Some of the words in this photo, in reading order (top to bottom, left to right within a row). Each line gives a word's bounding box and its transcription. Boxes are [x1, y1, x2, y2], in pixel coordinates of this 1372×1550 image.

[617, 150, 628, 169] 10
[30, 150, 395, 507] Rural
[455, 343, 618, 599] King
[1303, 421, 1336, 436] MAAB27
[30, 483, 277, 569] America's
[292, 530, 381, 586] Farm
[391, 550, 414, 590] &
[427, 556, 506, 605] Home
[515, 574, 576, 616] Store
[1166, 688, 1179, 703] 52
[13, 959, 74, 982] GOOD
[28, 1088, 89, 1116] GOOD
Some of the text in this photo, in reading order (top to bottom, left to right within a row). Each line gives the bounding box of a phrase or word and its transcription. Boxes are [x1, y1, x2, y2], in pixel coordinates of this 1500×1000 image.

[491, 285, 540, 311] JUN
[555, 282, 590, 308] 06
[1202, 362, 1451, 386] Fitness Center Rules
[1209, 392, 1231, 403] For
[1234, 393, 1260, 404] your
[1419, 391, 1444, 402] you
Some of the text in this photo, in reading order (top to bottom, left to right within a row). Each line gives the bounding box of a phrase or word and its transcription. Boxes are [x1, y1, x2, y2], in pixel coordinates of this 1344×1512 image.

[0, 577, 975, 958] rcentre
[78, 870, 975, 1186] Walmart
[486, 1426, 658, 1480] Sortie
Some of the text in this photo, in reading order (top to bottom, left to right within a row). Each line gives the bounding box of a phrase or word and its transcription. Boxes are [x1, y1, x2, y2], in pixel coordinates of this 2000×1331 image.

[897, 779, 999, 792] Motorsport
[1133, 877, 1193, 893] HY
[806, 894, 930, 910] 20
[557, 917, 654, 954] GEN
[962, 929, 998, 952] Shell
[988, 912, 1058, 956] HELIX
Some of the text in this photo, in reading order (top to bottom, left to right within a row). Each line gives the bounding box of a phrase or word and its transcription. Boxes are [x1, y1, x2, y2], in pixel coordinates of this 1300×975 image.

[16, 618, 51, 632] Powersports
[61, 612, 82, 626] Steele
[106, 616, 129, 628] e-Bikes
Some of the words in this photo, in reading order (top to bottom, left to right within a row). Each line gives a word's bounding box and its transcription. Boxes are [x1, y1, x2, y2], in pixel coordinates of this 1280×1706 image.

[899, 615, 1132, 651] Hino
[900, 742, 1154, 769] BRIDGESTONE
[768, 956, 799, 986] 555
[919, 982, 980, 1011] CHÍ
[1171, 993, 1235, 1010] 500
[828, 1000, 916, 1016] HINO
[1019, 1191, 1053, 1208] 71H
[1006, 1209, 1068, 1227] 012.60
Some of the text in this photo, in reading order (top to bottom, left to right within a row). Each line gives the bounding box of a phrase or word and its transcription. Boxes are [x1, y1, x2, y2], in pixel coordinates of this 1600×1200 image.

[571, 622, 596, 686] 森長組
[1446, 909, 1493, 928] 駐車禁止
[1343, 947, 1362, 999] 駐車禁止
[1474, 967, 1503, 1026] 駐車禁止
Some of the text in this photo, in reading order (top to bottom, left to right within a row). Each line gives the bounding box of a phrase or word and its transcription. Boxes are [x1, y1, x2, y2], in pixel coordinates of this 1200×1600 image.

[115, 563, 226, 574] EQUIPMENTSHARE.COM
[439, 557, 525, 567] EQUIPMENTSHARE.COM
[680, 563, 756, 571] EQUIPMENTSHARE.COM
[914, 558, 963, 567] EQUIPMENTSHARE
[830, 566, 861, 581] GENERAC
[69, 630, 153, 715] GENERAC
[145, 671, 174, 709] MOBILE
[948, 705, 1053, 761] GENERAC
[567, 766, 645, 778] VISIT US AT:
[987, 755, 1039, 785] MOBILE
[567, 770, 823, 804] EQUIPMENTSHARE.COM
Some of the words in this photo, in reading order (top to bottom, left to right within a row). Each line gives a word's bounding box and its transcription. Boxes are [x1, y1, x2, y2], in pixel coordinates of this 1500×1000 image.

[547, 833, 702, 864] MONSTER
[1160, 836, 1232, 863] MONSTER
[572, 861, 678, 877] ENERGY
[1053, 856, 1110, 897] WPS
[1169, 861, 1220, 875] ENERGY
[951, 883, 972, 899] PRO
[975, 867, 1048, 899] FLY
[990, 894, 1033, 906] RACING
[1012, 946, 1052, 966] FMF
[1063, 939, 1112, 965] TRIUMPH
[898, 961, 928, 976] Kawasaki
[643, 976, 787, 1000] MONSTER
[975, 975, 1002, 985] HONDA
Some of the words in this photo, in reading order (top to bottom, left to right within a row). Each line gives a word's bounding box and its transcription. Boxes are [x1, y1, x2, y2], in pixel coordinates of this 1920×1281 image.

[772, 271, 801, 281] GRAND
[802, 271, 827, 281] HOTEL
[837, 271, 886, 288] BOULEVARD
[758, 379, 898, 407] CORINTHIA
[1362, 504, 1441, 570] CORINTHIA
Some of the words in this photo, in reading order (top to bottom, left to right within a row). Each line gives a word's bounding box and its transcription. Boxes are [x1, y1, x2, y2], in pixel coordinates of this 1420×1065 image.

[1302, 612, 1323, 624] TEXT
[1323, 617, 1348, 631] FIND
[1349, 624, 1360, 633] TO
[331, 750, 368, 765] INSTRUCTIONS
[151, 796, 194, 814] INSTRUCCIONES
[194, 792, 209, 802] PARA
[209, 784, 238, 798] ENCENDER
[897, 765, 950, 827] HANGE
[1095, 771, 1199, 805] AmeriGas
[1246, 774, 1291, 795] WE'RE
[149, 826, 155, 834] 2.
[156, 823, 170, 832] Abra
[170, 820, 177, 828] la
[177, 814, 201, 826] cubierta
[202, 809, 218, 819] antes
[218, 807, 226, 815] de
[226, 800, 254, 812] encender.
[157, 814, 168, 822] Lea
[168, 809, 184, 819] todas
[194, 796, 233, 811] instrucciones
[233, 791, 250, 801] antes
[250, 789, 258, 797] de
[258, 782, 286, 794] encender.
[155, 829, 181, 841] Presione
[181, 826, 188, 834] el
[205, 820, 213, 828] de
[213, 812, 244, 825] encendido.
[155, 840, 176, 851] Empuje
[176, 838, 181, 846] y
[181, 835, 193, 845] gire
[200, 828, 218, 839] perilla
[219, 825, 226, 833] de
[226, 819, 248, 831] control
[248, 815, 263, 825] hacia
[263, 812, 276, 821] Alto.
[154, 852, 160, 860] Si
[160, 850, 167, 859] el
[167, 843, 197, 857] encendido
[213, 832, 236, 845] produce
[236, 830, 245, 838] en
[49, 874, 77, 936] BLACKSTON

----

Assignment:
Could you print, exactly and with nothing else, the lines from the one containing "this 1420×1065 image." through the last line of the records above?

Result for this task:
Some of the words in this photo, in reading order (top to bottom, left to right within a row). Each line gives a word's bounding box and its transcription. Boxes are [x1, y1, x2, y2], in pixel coordinates of this 1420×1065 image.

[1302, 612, 1323, 624] TEXT
[1323, 617, 1348, 631] FIND
[1349, 624, 1360, 633] TO
[331, 750, 368, 765] INSTRUCTIONS
[151, 796, 194, 814] INSTRUCCIONES
[194, 792, 209, 802] PARA
[209, 784, 238, 798] ENCENDER
[897, 765, 950, 827] HANGE
[1095, 771, 1199, 805] AmeriGas
[1246, 774, 1291, 795] WE'RE
[149, 826, 155, 834] 2.
[156, 823, 170, 832] Abra
[170, 820, 177, 828] la
[177, 814, 201, 826] cubierta
[202, 809, 218, 819] antes
[218, 807, 226, 815] de
[226, 800, 254, 812] encender.
[157, 814, 168, 822] Lea
[168, 809, 184, 819] todas
[194, 796, 233, 811] instrucciones
[233, 791, 250, 801] antes
[250, 789, 258, 797] de
[258, 782, 286, 794] encender.
[155, 829, 181, 841] Presione
[181, 826, 188, 834] el
[205, 820, 213, 828] de
[213, 812, 244, 825] encendido.
[155, 840, 176, 851] Empuje
[176, 838, 181, 846] y
[181, 835, 193, 845] gire
[200, 828, 218, 839] perilla
[219, 825, 226, 833] de
[226, 819, 248, 831] control
[248, 815, 263, 825] hacia
[263, 812, 276, 821] Alto.
[154, 852, 160, 860] Si
[160, 850, 167, 859] el
[167, 843, 197, 857] encendido
[213, 832, 236, 845] produce
[236, 830, 245, 838] en
[49, 874, 77, 936] BLACKSTON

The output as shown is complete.